各々が部活や帰宅の準備をし始める中、前の席から声がかかる。
「今日は部活見に来るん?」
スピードスターと呼ばれる彼は、何事も素早い動きで終わらせてしまう。もちろん準備ですら早い。毎日、白石くんの部活準備が終わるまでの数分、軽く話をするのが恒例になっている。
帰る準備はあとでいいか。
「ん、あきちゃんと行くわ」
「お!俺のかっこええとこ見せたるわ!」
と謙也が胸を張る、と机に当たってしまい、少し揺れた机を見て思いつくままに口を開いた。
「…。
…あのさ、私、軽い地震なら避けれる思うねんけど…」
「いきなりなんやねん。てかどうやって?」
「こう、揺れきた!思た瞬間ジャンプするねん。着地する頃には収まってるっちゅー話」
「いや無理」
「いやいけるて、何言うてんの?」
「いやお前が何言うてんの!?」
「だからこうさ、」
「ぶふっ」
地震談義を繰り広げていると、上から笑い声が降ってきた。
見上げると、口元を抑え震えている白石くんがいた。いつの間にか準備を終えてこちらに来ていたらしい。
「わかる、気持ちはわかるで白石」
「いやどういう気持ち…?」
白石くんの肩をポンポンと叩く謙也に、クエスチョンマークが頭に浮かぶ。
「…いやすまん、声かけようとしてんけど話聞こえてきて」
落ち着いたようで、白石くんはそのとても整ったご尊顔で話しかけてくれる。
顔が良い
「あ、いや全然…」
「いやまだ白石に慣れてないんかい」
少しどもってしまった私にすかさず謙也がツッコミを入れてきた。
「いやいやこれは不意打ち…もう大丈夫」
「最初は目も合わせてくれんかったのになぁ」
「その節は申し訳なく…。イケメンすぎて緊張してもうて…」
「俺もイケメンやろ」
銃のように親指と人差し指とを伸ばした右手を顎に添え、キメ顔でこちらを見てくる謙也。
「でも今は目合わせられるようになったからな!」
「このままもっと仲良うなれたら嬉しいわ」
そう言い、微笑みかけてくれる白石くん。
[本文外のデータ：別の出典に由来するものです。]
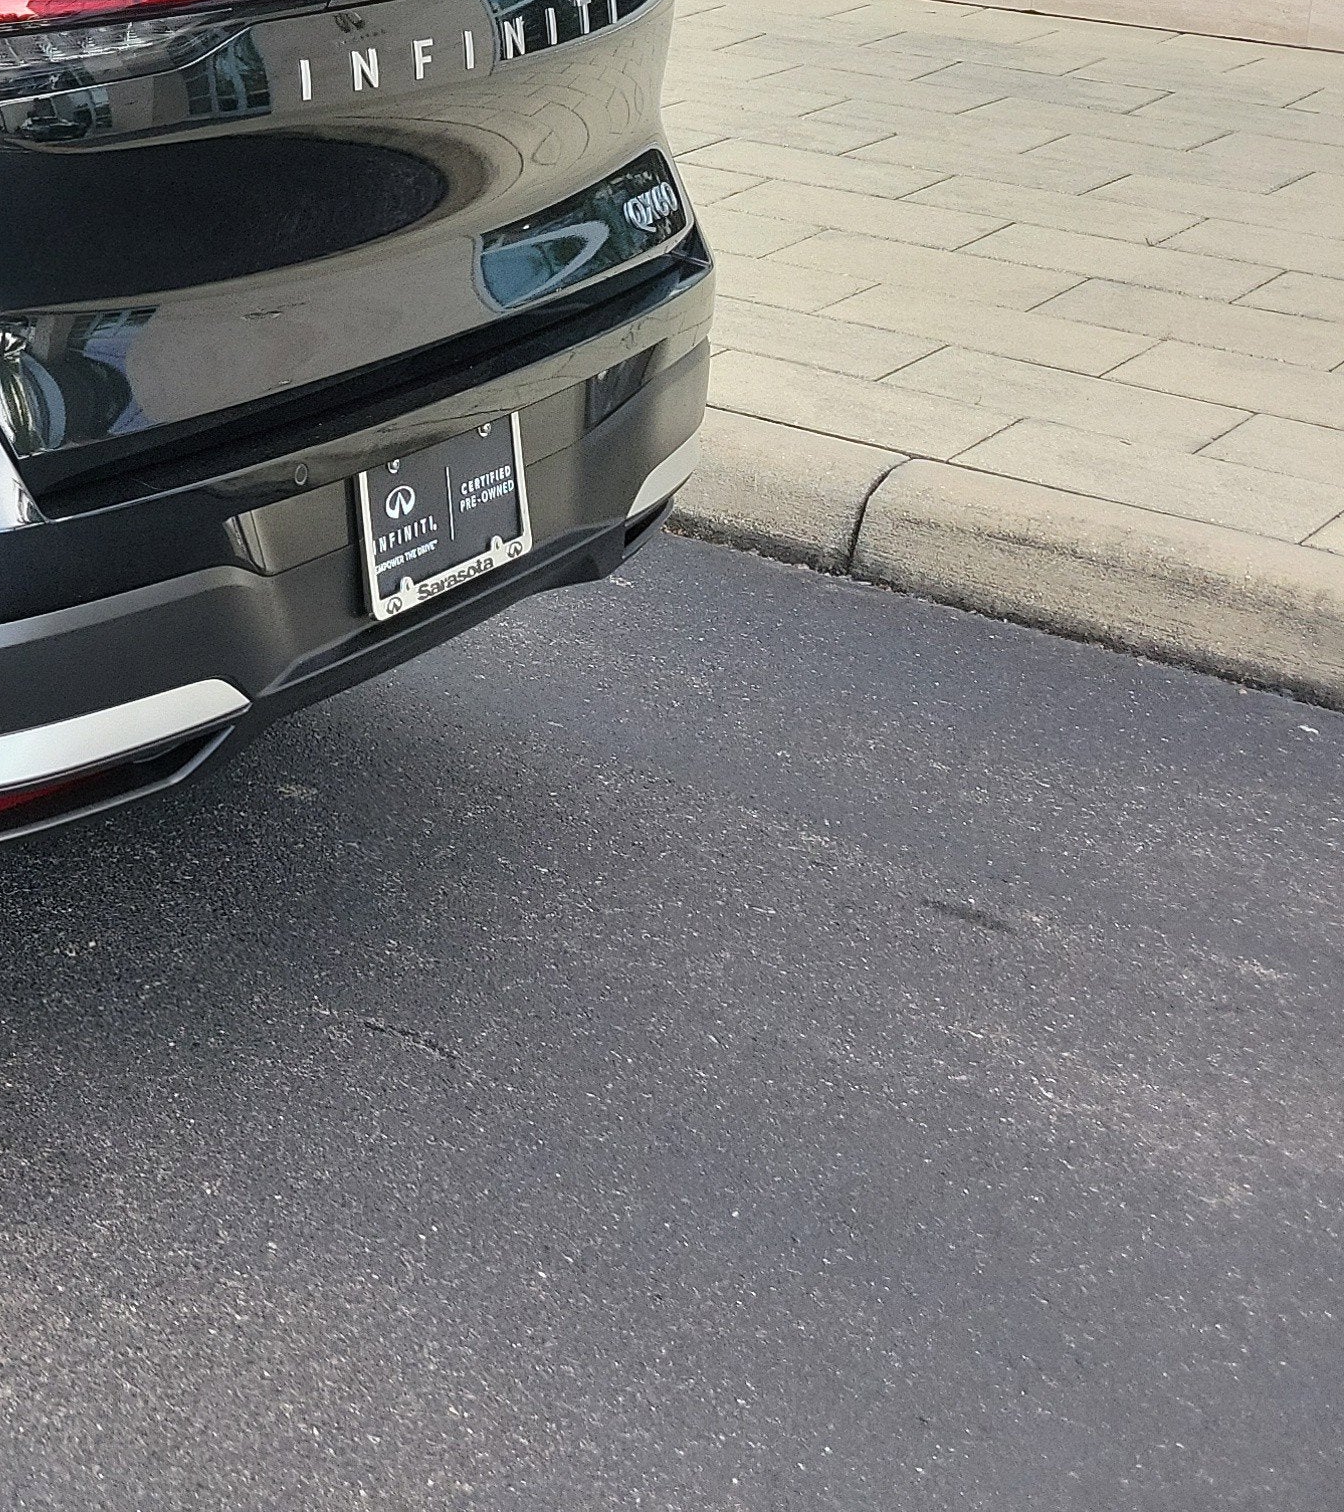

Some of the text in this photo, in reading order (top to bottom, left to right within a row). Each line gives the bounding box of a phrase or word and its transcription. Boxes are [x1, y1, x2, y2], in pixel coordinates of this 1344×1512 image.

[623, 181, 678, 233] QX60
[460, 464, 512, 495] CERTIFIED
[460, 479, 515, 513] PRE-OWNED
[373, 515, 435, 556] INFINITI
[417, 556, 495, 602] Sarasota
その言葉と、余りにも綺麗なお顔に自然とこちらも笑顔になってしまう。
「いや俺は!?俺の事見えてるか!?」
「…あ、二人とも部活行かなやない?」
「そうやけどそうやない…!」
「ほないこか」
「んん〜!?」
頭を抱え喚いている謙也を引きずって行く白石くん、を見送る。
「頑張って〜、また後で」
そう声をかけると、おう!と返し2人は教室を出ていった。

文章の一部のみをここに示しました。